Duplicity


We arrived in Danang this afternoon; flight 4 of our 10-flight itinerary down. It’s only about 50 minutes from Hanoi to Danang but we soon discovered that the climate changed dramatically – cool and romantic in Hanoi; sultry in Danang. Upon feeling the first fat drops of sweat trickle down my nose, I steeled myself for more of Sean’s complaints. Another tip: don’t bring a cold-blooded Celtic boy to a tropical climate; they melt like green-faced witches. At least air-conditioned cabs would be relatively inexpensive to Hoi An from Danang airport.

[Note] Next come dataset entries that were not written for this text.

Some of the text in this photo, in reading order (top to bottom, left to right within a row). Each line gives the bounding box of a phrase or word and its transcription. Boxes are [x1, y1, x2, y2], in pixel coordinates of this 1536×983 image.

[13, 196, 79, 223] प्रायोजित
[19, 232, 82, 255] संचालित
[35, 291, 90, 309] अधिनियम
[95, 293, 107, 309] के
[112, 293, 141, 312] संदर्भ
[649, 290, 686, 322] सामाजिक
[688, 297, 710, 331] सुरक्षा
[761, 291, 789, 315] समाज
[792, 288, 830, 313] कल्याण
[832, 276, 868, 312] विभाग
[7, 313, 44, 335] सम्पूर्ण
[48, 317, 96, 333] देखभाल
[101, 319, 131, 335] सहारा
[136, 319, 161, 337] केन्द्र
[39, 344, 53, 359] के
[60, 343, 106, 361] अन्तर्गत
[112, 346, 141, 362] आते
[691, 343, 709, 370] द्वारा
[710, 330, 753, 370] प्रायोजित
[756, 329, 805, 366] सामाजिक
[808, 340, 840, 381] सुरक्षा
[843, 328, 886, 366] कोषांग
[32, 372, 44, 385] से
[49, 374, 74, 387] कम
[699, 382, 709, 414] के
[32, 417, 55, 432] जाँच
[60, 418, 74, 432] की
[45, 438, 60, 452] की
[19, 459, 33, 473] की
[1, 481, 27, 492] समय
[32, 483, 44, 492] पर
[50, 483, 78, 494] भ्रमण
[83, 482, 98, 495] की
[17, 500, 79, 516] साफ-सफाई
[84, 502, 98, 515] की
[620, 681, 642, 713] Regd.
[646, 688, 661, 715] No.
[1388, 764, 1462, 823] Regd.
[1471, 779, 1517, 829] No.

As we hoisted our suitcases onto our rolling luggage cart, we were approached by a gentleman and a woman. I’d seen them on the plane; a middle-aged couple with matching sunburns and sensible shoes. Viet Nam and Malaysia aren’t like Japan, where the relative scarcity of non-Asian folk makes them gleam in a crowd like religious icons. Here, we’re surrounded by tourists of all shades but even so, we stand out suggestively. Look! More tourists, and they smell just as awful as I do. Maybe they know a good spot for dinner. Maybe they’ll know what to do about these bug bites. Maybe they’ll want to share a cab from the airport!

“Excuse me,” said the gentleman. Ah. Australian. “Are you headed to Hoi An? If so, would you want to share a cab?”

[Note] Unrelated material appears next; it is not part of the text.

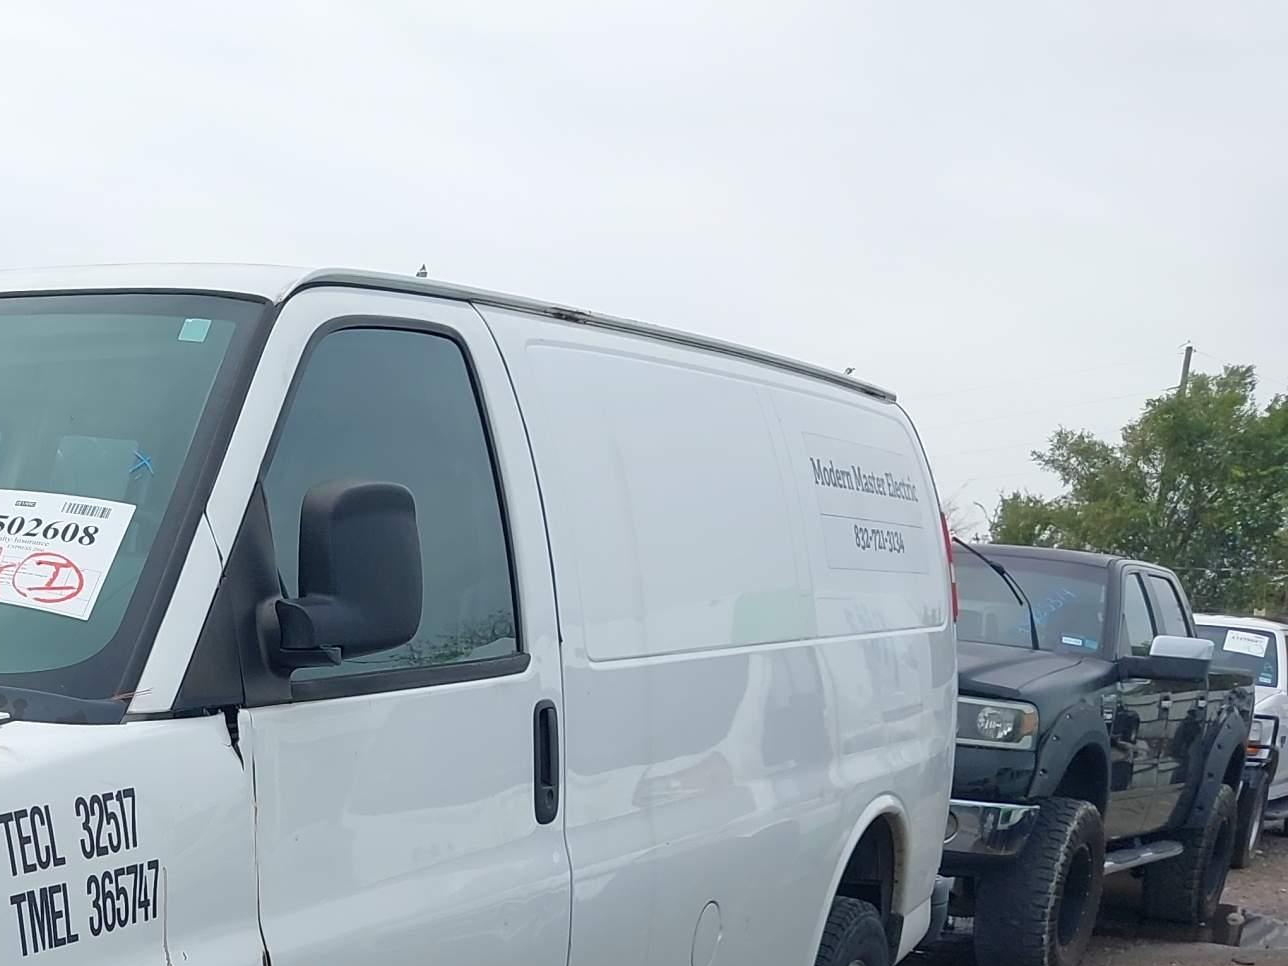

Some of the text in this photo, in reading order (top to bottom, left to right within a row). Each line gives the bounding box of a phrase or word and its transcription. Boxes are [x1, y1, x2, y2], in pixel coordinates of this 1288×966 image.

[810, 457, 918, 502] Modern Master Electric
[75, 788, 137, 859] 32517
[10, 859, 159, 956] TMEL 365747

I had just been to the travel agent booth, armed with the knowledge that a sedan ran for $15 USD and a minivan ran for $18. Divided by four ways, the rate was irresistible. I don’t know how much cabs cost in Australia, but in Japan, a cab ride from the airport is an unimaginable luxury. How many times have Sean and I schlepped heavy bags through the subway stations, all in the interest of saving 10,000 yen?

“Of course,” we said delightedly. Naturally! And as soon as we had agreed, my Uncle Scrooge-like euphoria waned ever so slightly. After all, we had not only agreed to splitting a cab ride, but to being in a confined space with 2 strangers for 40 minutes. I dropped my eyelids ever so slightly as we headed to the Airport Taxi, attempting to sniff out any identifiers about the couple, just in case. The missus and I had fallen behind Sean and the gentleman and when I focused on the two men, I noticed, with a shock, that from behind, they looked almost like twins.

The most obvious common trait was, of course, the hair. Sean is blessed with an abundant crop of thick, red Irish curls which have, in the 2 years I’ve known him, become increasingly scattered with becoming strands of gray. He blames teaching. I’ve seen pictures of his father – gray at 30 – so I have a better idea of the real culprit. The older man’s hair was only slightly less red, slightly more gray but even at this stage of his life, abundant apart from a bald patch at the crown. I had glimpsed a pronounced paunch earlier but from behind, they were similar in build – tall and slight. They walked silently, dragging similar black backpacks and if I let my imagination run, I could imagine that they were father and son … or, even creepier, Present and Future Sean. I shuddered.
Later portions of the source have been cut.